* _WORK INSTRUCTION_: Leave out the pictures and copy everything else in the entries exactly.
======== DATA EXCERPTS ========
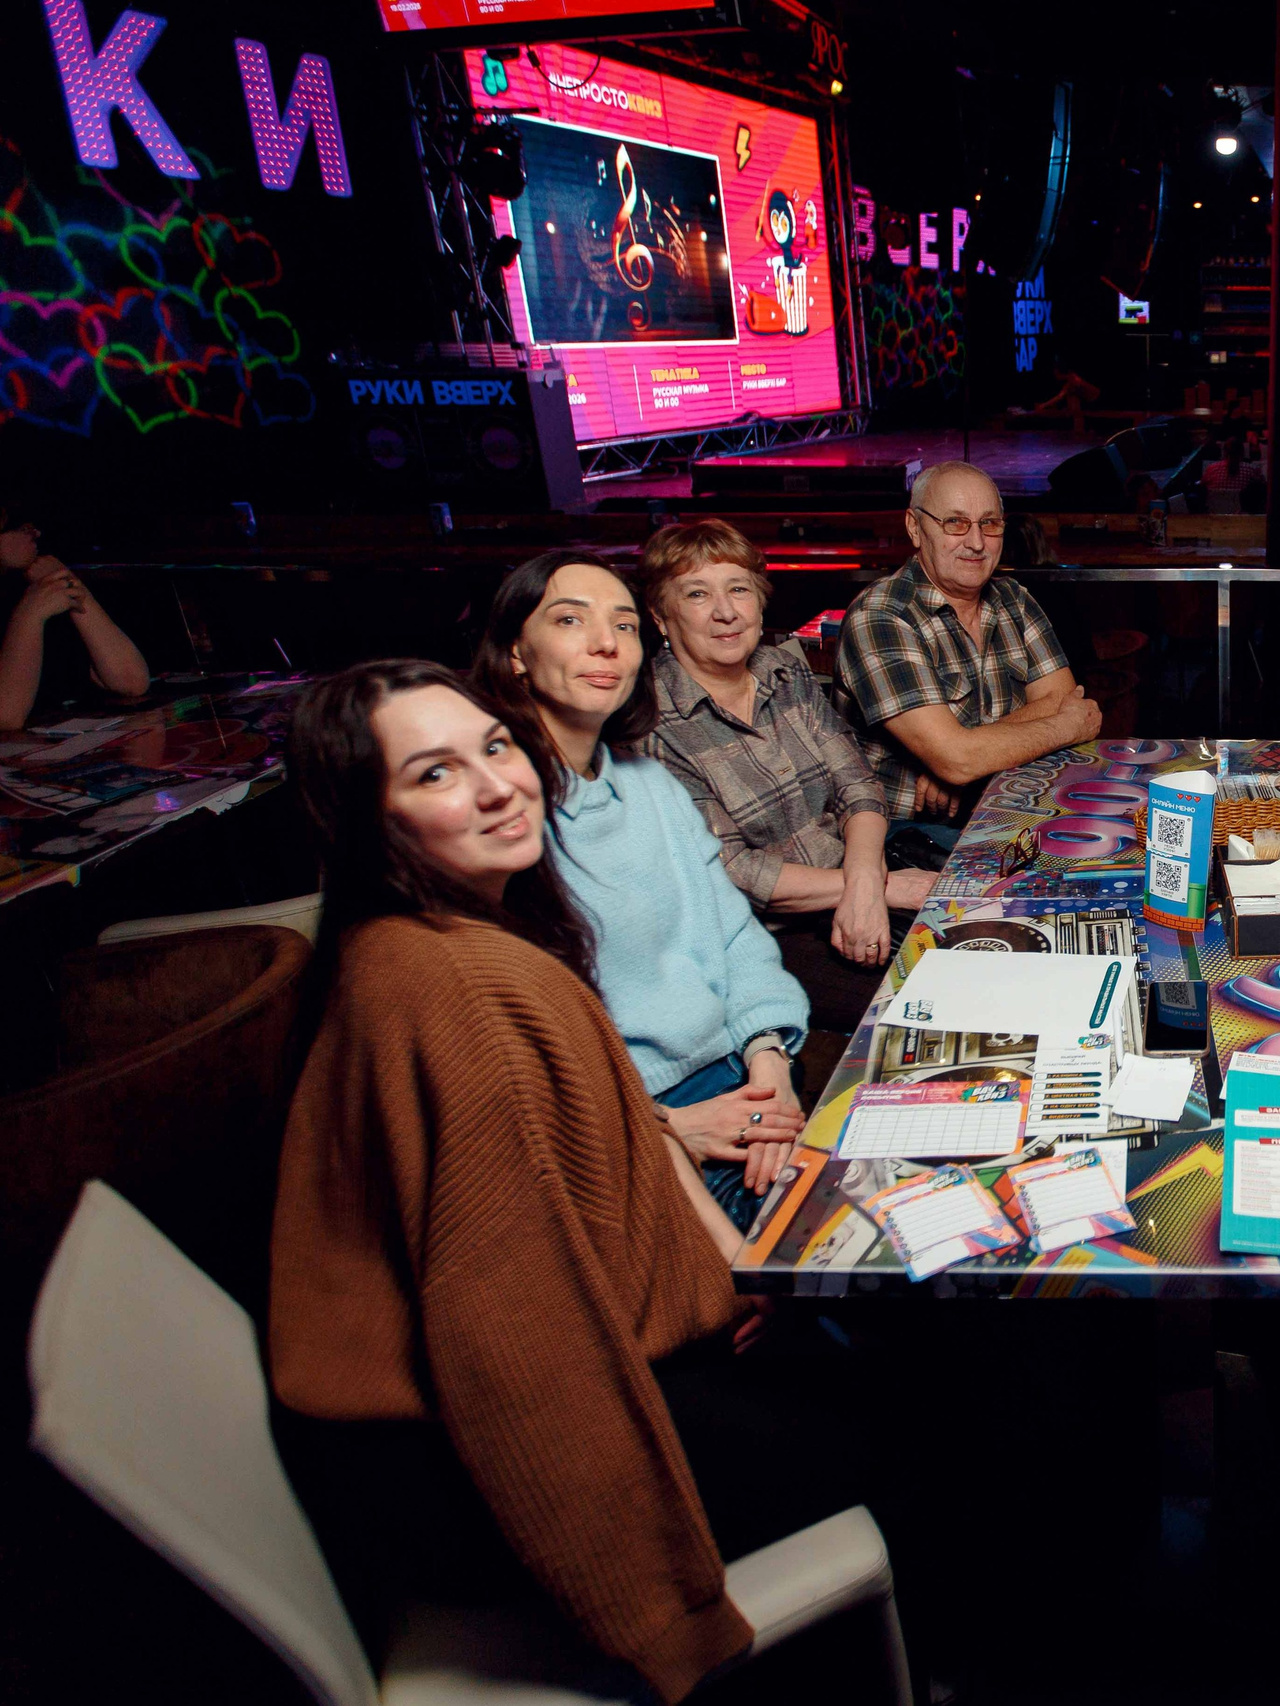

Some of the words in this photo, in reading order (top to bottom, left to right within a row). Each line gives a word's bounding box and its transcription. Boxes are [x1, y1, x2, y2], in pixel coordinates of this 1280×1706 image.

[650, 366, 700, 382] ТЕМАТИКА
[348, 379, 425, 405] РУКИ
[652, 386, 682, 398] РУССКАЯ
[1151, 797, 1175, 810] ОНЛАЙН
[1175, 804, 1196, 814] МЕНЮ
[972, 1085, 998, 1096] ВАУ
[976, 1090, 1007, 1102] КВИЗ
========
* _YOUR SOLUTION_:
Some of the words in this photo, in reading order (top to bottom, left to right within a row). Each line gives a word's bounding box and its transcription. Boxes are [x1, y1, x2, y2], in pixel coordinates of this 1280×1706 image.

[650, 366, 700, 382] ТЕМАТИКА
[348, 379, 425, 405] РУКИ
[652, 386, 682, 398] РУССКАЯ
[1151, 797, 1175, 810] ОНЛАЙН
[1175, 804, 1196, 814] МЕНЮ
[972, 1085, 998, 1096] ВАУ
[976, 1090, 1007, 1102] КВИЗ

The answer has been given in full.